Data for review =>
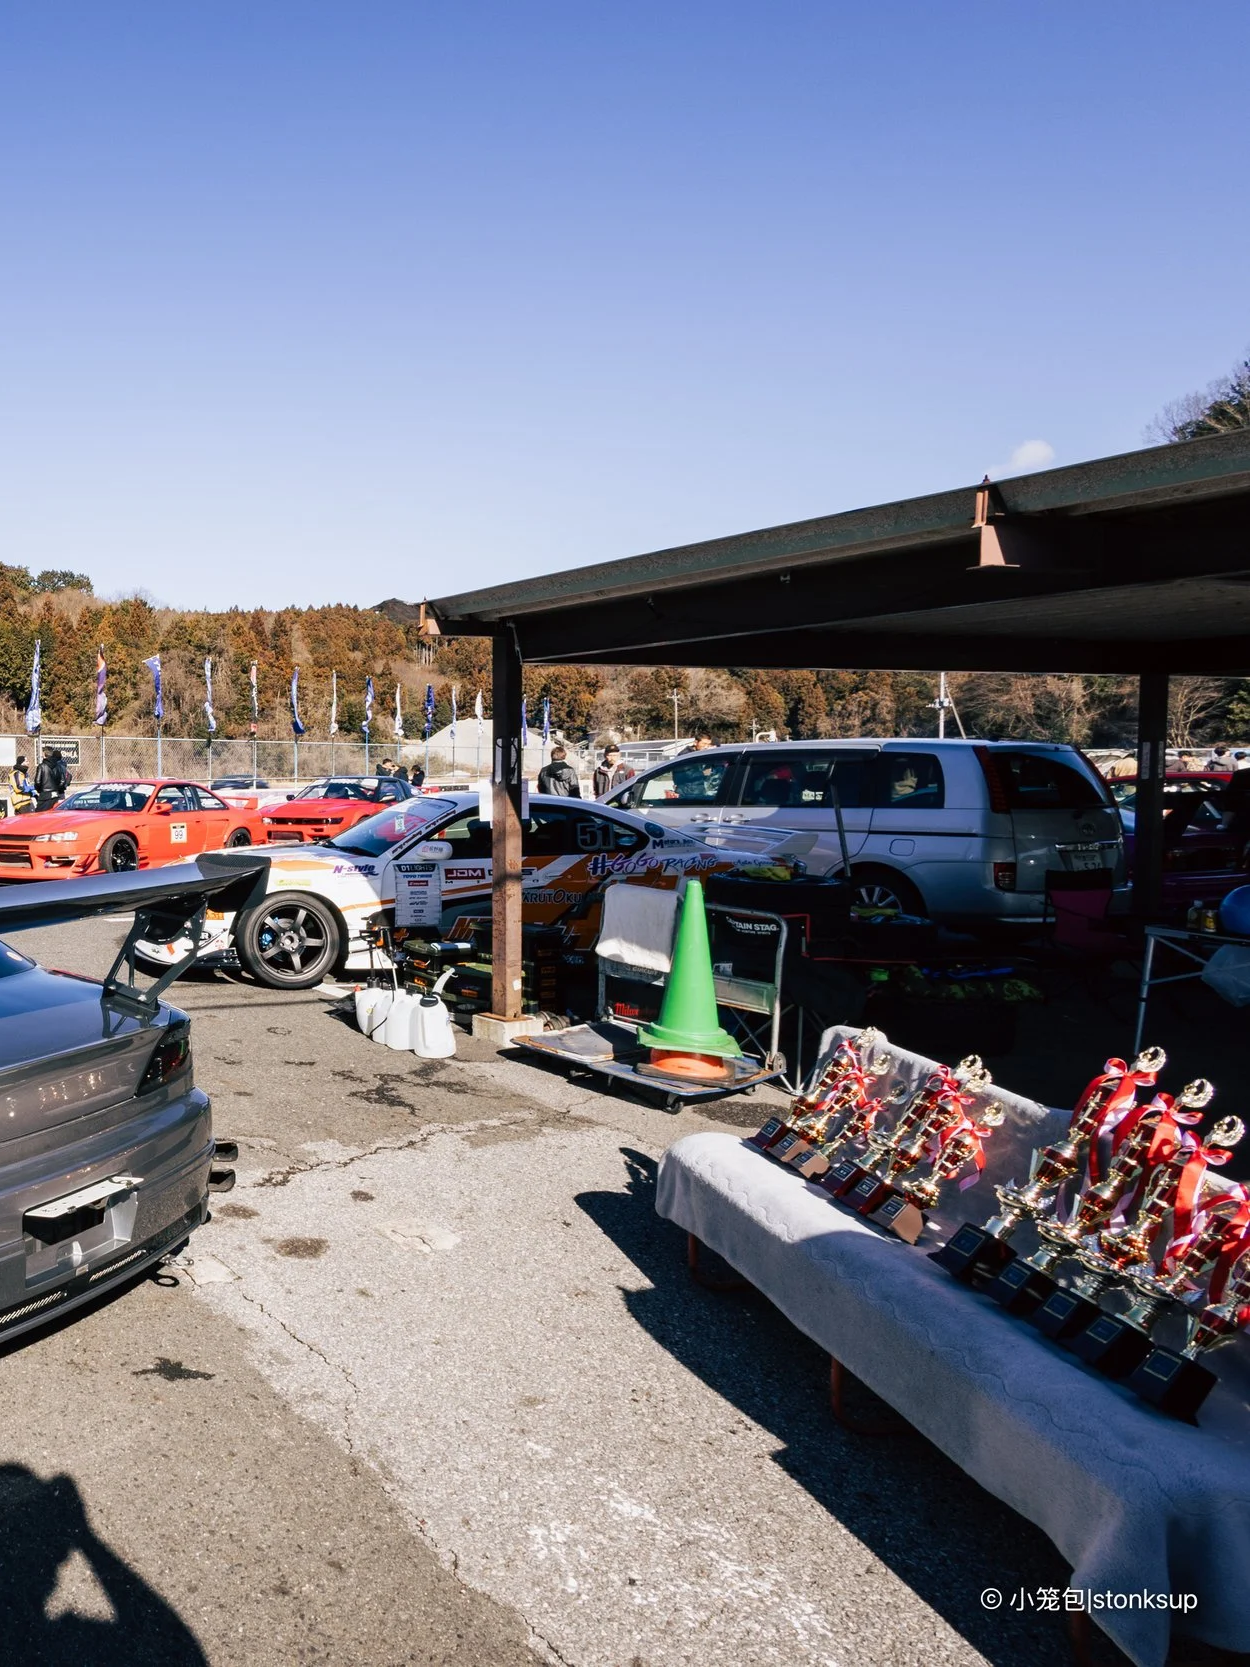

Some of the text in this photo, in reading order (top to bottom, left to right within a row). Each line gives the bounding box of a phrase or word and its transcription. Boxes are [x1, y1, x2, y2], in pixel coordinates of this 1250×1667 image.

[174, 829, 184, 840] 99
[577, 821, 614, 850] 51
[446, 869, 483, 878] JDM
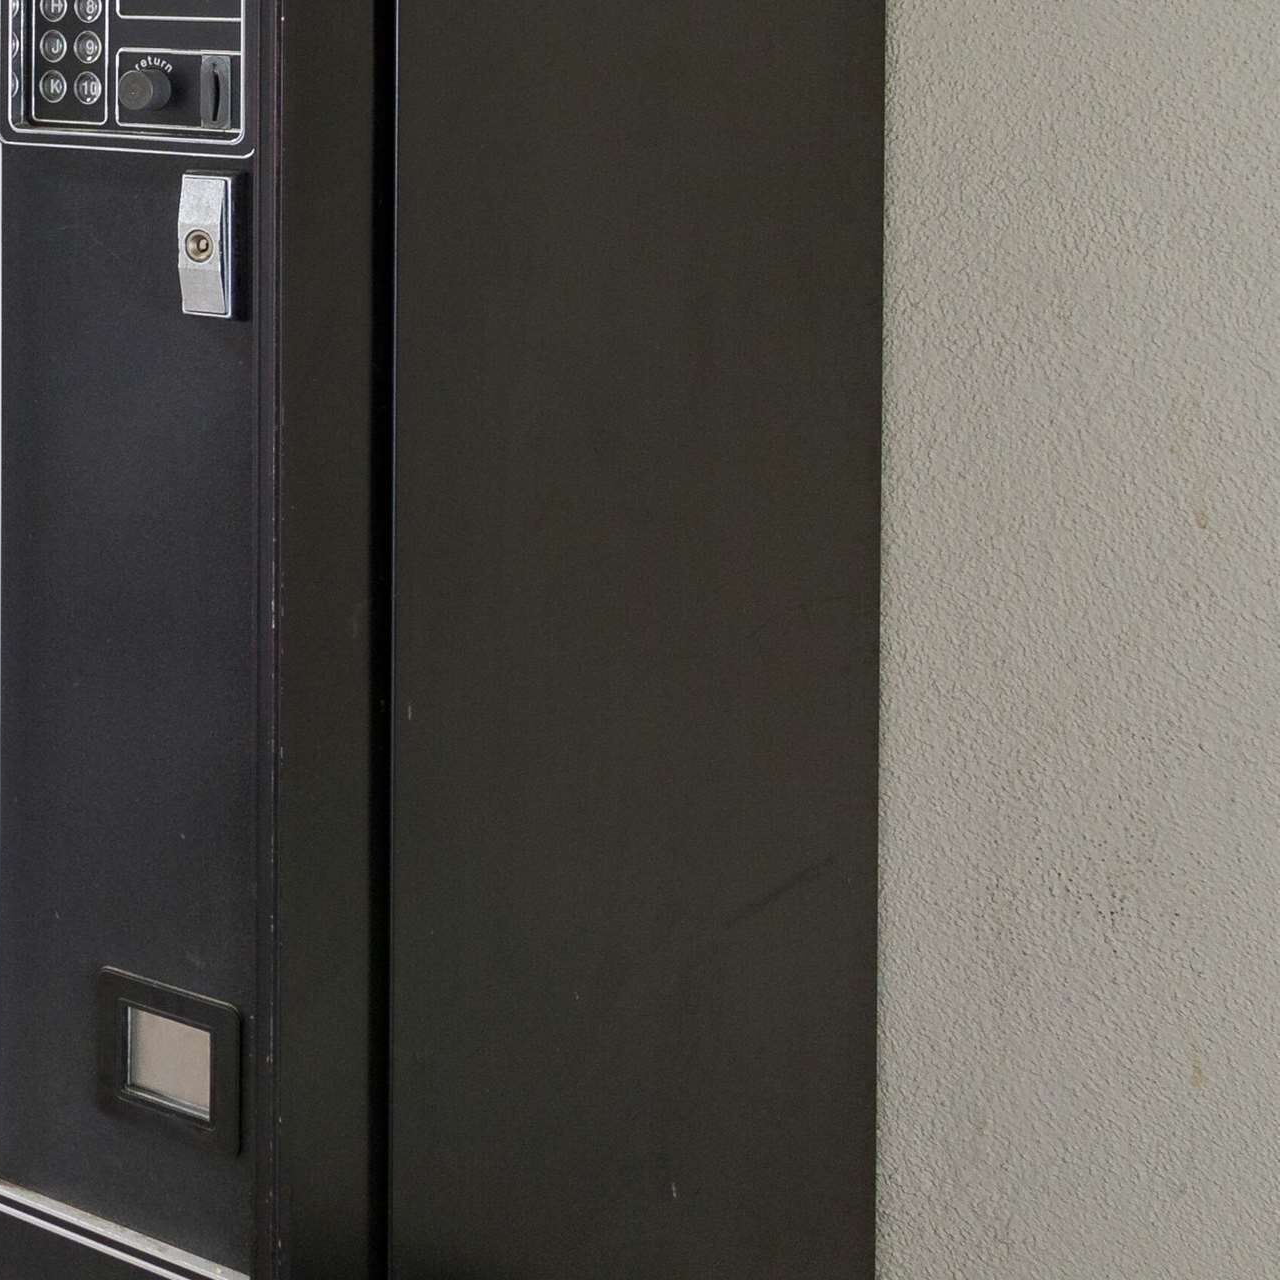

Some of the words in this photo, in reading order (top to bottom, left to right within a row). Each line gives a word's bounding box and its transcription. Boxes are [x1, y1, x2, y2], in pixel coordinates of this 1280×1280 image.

[51, 38, 61, 54] J
[85, 39, 95, 54] 9
[134, 55, 173, 73] return
[50, 78, 62, 93] K
[82, 80, 97, 95] 10
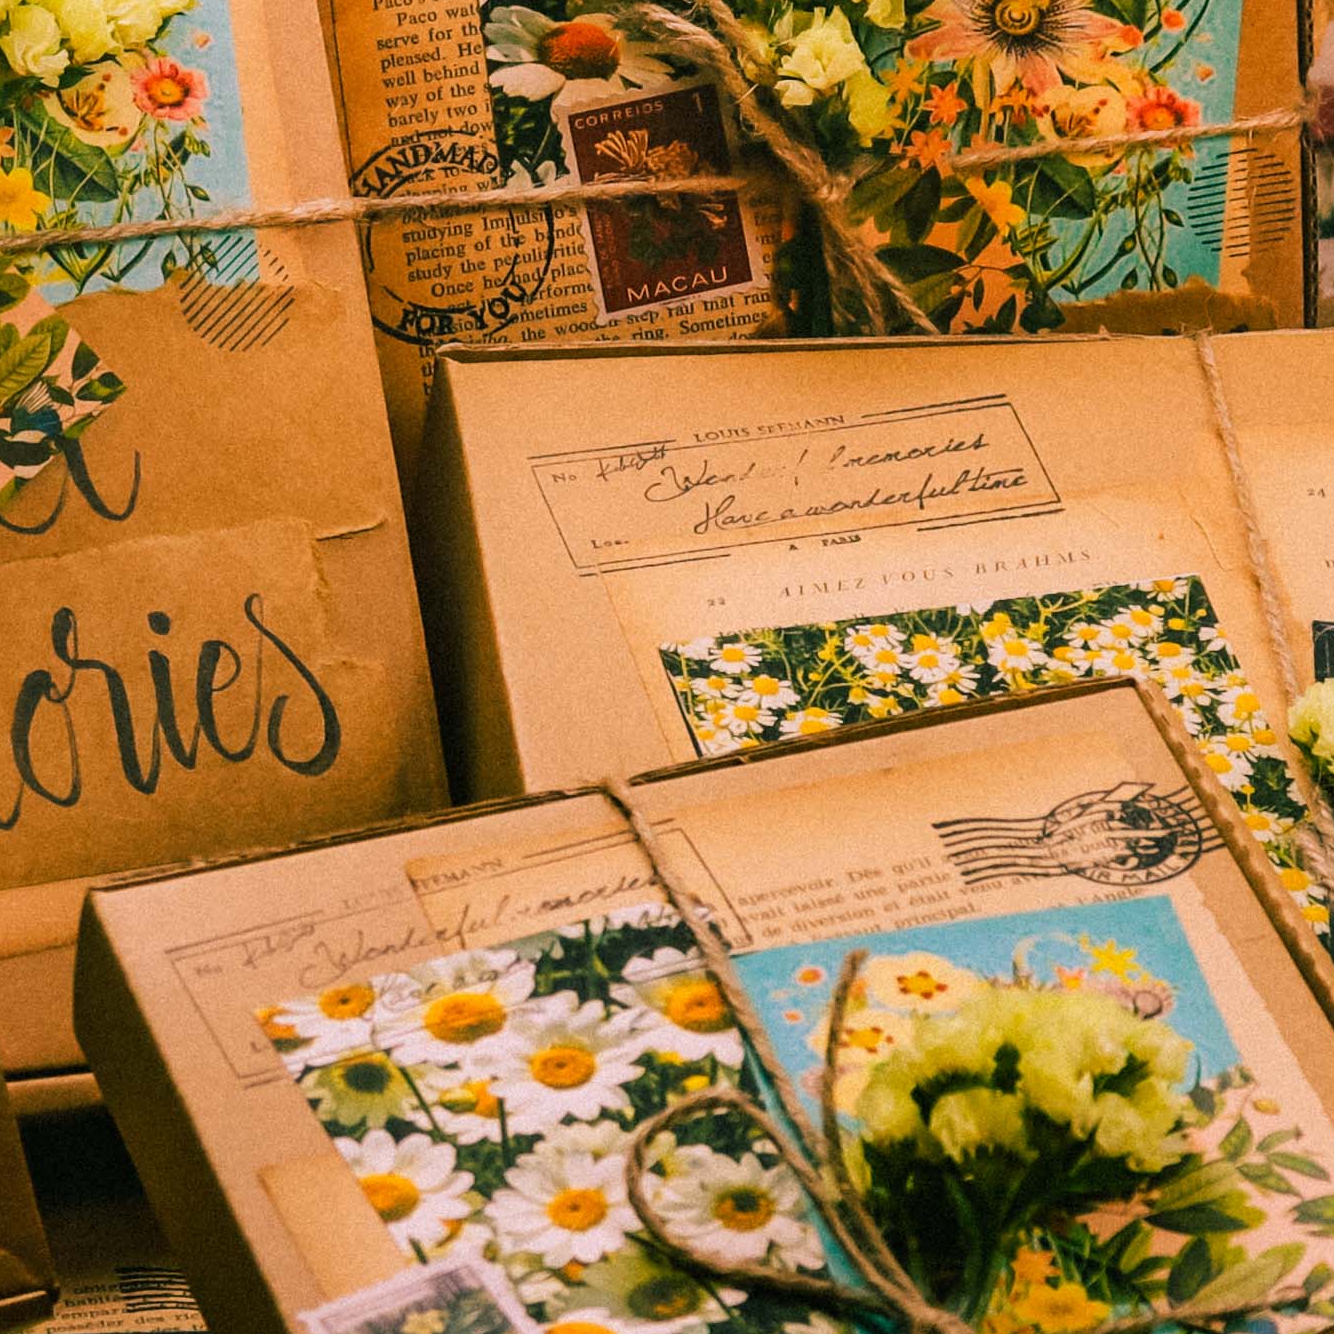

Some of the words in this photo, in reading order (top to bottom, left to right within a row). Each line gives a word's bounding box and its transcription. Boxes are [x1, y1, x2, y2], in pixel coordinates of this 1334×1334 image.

Assignment => All records above are to be output verbatim, with their pictures omitted.

Answer to this exercise =>
Some of the text in this photo, in reading order (top to bottom, left to right within a row). Each line gives the bounding box of a phrase or word and its transcription. Boxes are [x1, y1, x2, y2], in pixel coordinates of this 1250×1667 image.

[174, 829, 184, 840] 99
[577, 821, 614, 850] 51
[446, 869, 483, 878] JDM

Some of the words in this photo, in reading order (top to bottom, left to right within a row). Each line gives a word's bounding box and its transcription. Boxes are [x1, y1, x2, y2], in pixel coordinates of this 1280×1280 image.

[51, 38, 61, 54] J
[85, 39, 95, 54] 9
[134, 55, 173, 73] return
[50, 78, 62, 93] K
[82, 80, 97, 95] 10

Some of the words in this photo, in reading order (top to bottom, left to right within a row). Each line gives a word's bounding box and its transcription. Boxes are [x1, y1, x2, y2], in pixel coordinates of this 1334×1334 image.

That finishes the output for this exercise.